Monday, July 13th, 2015

[by Mark Safranski, a.k.a. “zen“]

Hit Half-Price Books recently….

         

Leadership by James MacGregor Burns
How to Create a Mind by Ray Kurzweil
Goebbels by Peter Longerich
I Will Bear Witness by Victor Klemperer
The Red Baron (Autobiography)
Memoir of a Revolutionary by Milovan Djilas
The Haunted Wood by Alexander Vassiliev and Allen Weinstein
The Coming Anarchy by Robert Kaplan
The Signal and the Noise: The Art and Science of Prediction by Nate Silver

The Haunted Wood was once groundbreaking and provocative and is now a classic of Cold War studies. Allen Weinstein, the former Archivist of the United States, died a month ago but he was better known as one of the historians who exposed that Alger Hiss was indeed the Soviet spy, traitor and secret Communist inside the Roosevelt administration State Department that Whittaker Chambers and Richard Nixon said he was, an achievement that did not endear Weinstein to the dwindling band of hardcore leftist Hiss apologists at The Nation magazine.

Milovan Djilas was a man who epitomized the same conflict as the Hiss-Chambers trial.  The right hand to Tito in the Yugoslav Communist Party, Djilas was the highest ranking Communist official to become a dissident and critic, moving politically from convinced Stalinist to an advocate of free elections and liberal democracy.

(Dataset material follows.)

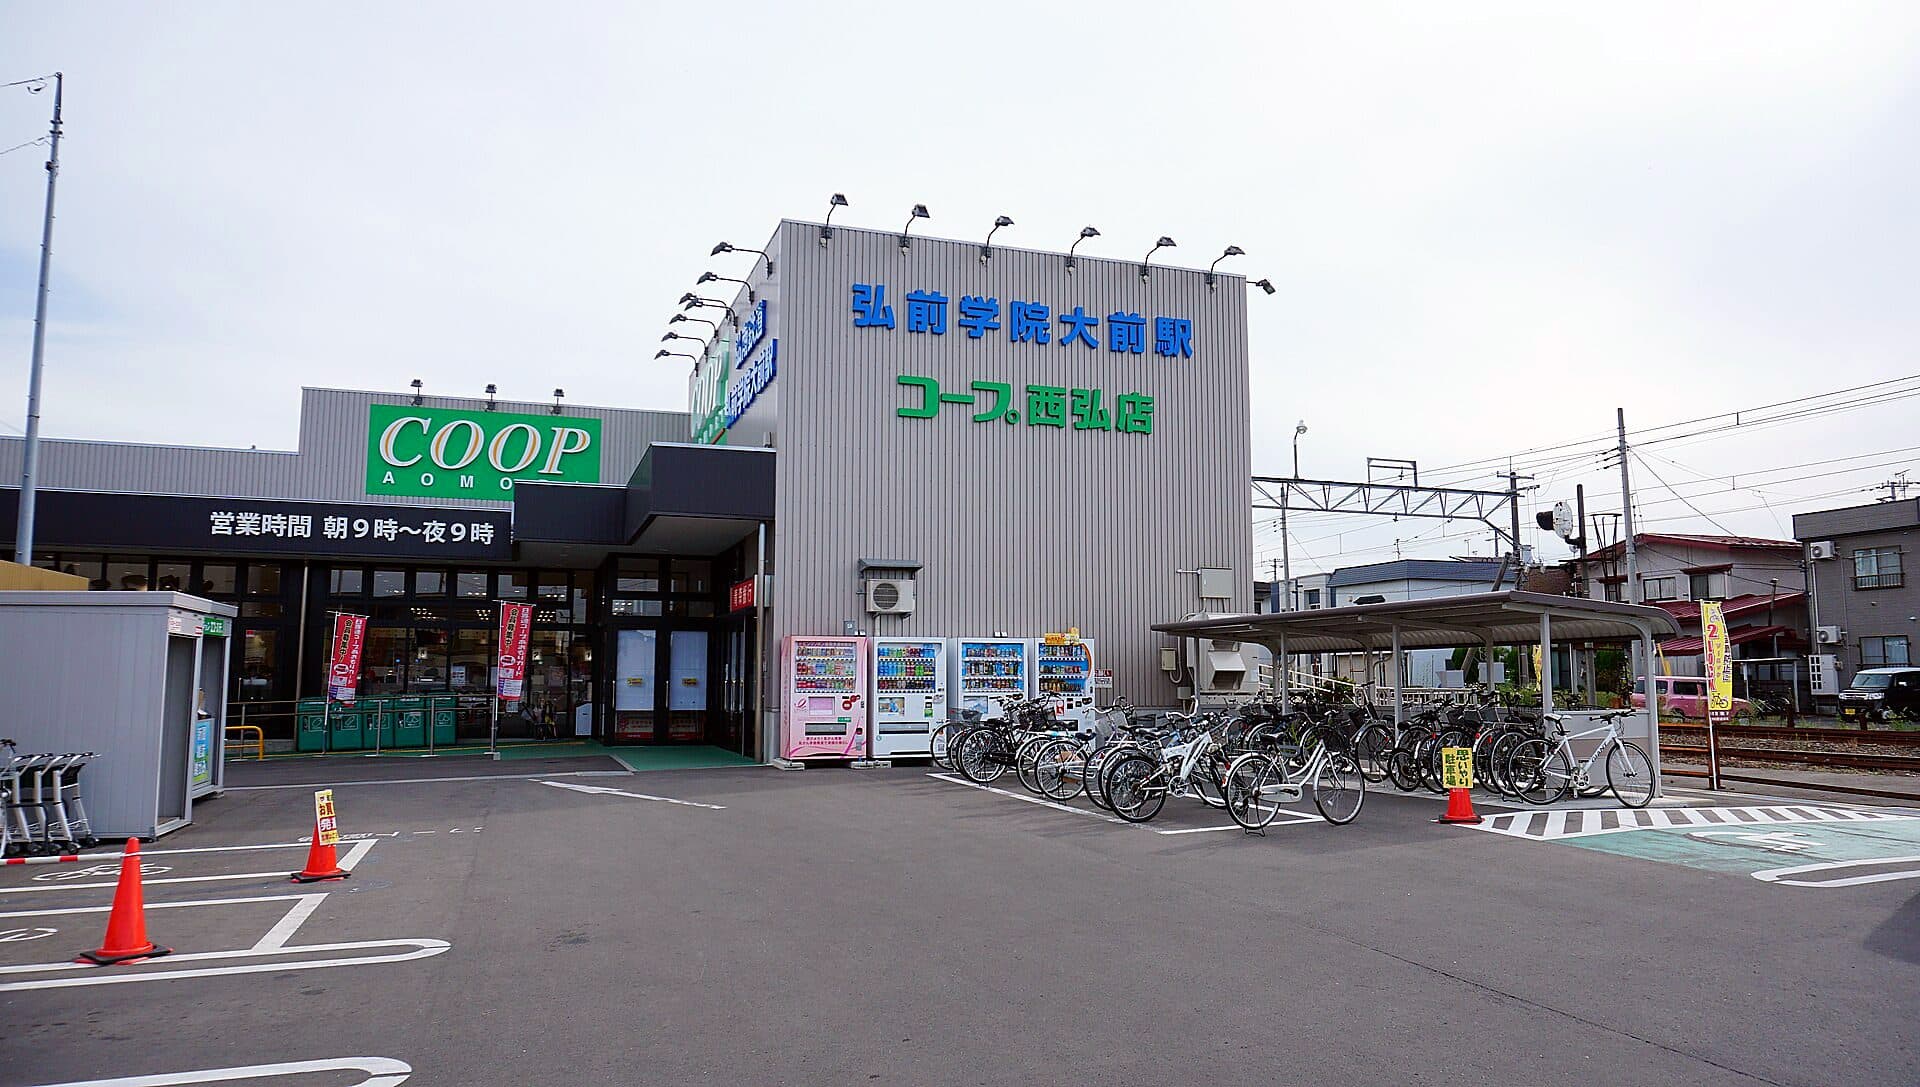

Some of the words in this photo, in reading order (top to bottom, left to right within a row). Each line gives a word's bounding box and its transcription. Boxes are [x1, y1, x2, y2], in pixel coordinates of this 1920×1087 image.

Djilas shrewdly analyzed the Communist nomenklatura as an oppressive and parasitic oligarchy in The New Class.

What are you reading?

 

Two Mini Reviews

Monday, June 29th, 2015

[by Mark Safranski, a.k.a. “zen“]

I have a tremendous backlog of good books to review that I have read in recent months and I am facing the fact that it is dubious that I will ever to get to feature most of them here.  As a stopgap, I am going to try a few mini-reviews instead of the more noteworthy, or at least interesting, titles. Here are two:

1. Stalin: Volume I Paradoxes of Power

Stalin: Vol. 1: Paradoxes of Power 1878-1928  by Stephen Kotkin

Eminent diplomatic historian John Lewis Gaddis praises Princeton’s Stephen Kotkin for his new biography, calling it “A monumental achievement”. This is certainly correct. Kotkin has done more than break new ground with Stalin: Paradoxes of Power; in my view it is arguably the best book on Joseph Stalin ever written.

Admittedly this is high praise. It is true, that Kotkin is not in the same literary class as Simon Sebag Montefiore, who demonstrated his great prose skill with masterfully written and deeply researched biographies of Stalin, but Kotkin is always a clear, effective and always forceful writer. Where Kotkin excels is in the granularity of his biographical narrative, unearthing aspects of Stalin’s childhood and early revolutionary days, the intra-party rivalries with leading Bolshevik personalities, especially Stalin’s complicated relationship with Vladimir Lenin and Stalin’s skill as a politician and grand strategist. The narrative is accompanied with Kotkin’s piercing psychological analysis of Stalin’s criminal psychopathology emerging from a combination of complex rational political calculation and a bottomless well of narcissistic self-pity that ate away at Stalin’s soul.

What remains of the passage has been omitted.